*** The records
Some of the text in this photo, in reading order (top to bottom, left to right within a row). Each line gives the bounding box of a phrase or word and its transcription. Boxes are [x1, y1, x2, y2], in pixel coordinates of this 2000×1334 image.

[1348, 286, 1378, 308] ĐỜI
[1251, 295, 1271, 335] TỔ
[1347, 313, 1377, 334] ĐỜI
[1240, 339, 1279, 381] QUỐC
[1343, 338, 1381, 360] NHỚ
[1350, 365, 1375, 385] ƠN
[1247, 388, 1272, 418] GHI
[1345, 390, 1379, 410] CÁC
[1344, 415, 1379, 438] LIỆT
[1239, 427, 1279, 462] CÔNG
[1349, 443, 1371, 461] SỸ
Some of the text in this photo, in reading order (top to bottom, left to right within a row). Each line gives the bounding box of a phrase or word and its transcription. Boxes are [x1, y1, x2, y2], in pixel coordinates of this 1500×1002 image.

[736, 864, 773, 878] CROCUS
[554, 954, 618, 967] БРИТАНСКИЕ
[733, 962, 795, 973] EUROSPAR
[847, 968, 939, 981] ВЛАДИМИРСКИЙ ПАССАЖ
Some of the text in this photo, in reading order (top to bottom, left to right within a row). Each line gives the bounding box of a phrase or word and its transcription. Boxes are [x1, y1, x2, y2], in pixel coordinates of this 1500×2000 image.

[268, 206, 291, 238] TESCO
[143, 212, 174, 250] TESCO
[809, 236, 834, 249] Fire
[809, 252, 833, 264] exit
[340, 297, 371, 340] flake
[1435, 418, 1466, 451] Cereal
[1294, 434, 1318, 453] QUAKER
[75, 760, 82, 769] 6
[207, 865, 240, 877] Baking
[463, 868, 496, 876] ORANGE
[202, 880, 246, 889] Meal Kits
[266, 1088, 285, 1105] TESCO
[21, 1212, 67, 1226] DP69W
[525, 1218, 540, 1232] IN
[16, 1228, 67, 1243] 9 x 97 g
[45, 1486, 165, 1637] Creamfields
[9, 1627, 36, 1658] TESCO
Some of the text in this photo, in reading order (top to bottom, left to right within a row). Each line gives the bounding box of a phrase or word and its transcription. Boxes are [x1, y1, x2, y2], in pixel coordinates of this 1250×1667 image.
******
Problem to work on: All of the entries above must be quoted exactly.

Response below:
Some of the text in this photo, in reading order (top to bottom, left to right within a row). Each line gives the bounding box of a phrase or word and its transcription. Boxes are [x1, y1, x2, y2], in pixel coordinates of this 2000×1334 image.

[1348, 286, 1378, 308] ĐỜI
[1251, 295, 1271, 335] TỔ
[1347, 313, 1377, 334] ĐỜI
[1240, 339, 1279, 381] QUỐC
[1343, 338, 1381, 360] NHỚ
[1350, 365, 1375, 385] ƠN
[1247, 388, 1272, 418] GHI
[1345, 390, 1379, 410] CÁC
[1344, 415, 1379, 438] LIỆT
[1239, 427, 1279, 462] CÔNG
[1349, 443, 1371, 461] SỸ
Some of the text in this photo, in reading order (top to bottom, left to right within a row). Each line gives the bounding box of a phrase or word and its transcription. Boxes are [x1, y1, x2, y2], in pixel coordinates of this 1500×1002 image.

[736, 864, 773, 878] CROCUS
[554, 954, 618, 967] БРИТАНСКИЕ
[733, 962, 795, 973] EUROSPAR
[847, 968, 939, 981] ВЛАДИМИРСКИЙ ПАССАЖ
Some of the text in this photo, in reading order (top to bottom, left to right within a row). Each line gives the bounding box of a phrase or word and its transcription. Boxes are [x1, y1, x2, y2], in pixel coordinates of this 1500×2000 image.

[268, 206, 291, 238] TESCO
[143, 212, 174, 250] TESCO
[809, 236, 834, 249] Fire
[809, 252, 833, 264] exit
[340, 297, 371, 340] flake
[1435, 418, 1466, 451] Cereal
[1294, 434, 1318, 453] QUAKER
[75, 760, 82, 769] 6
[207, 865, 240, 877] Baking
[463, 868, 496, 876] ORANGE
[202, 880, 246, 889] Meal Kits
[266, 1088, 285, 1105] TESCO
[21, 1212, 67, 1226] DP69W
[525, 1218, 540, 1232] IN
[16, 1228, 67, 1243] 9 x 97 g
[45, 1486, 165, 1637] Creamfields
[9, 1627, 36, 1658] TESCO
Some of the text in this photo, in reading order (top to bottom, left to right within a row). Each line gives the bounding box of a phrase or word and its transcription. Boxes are [x1, y1, x2, y2], in pixel coordinates of this 1250×1667 image.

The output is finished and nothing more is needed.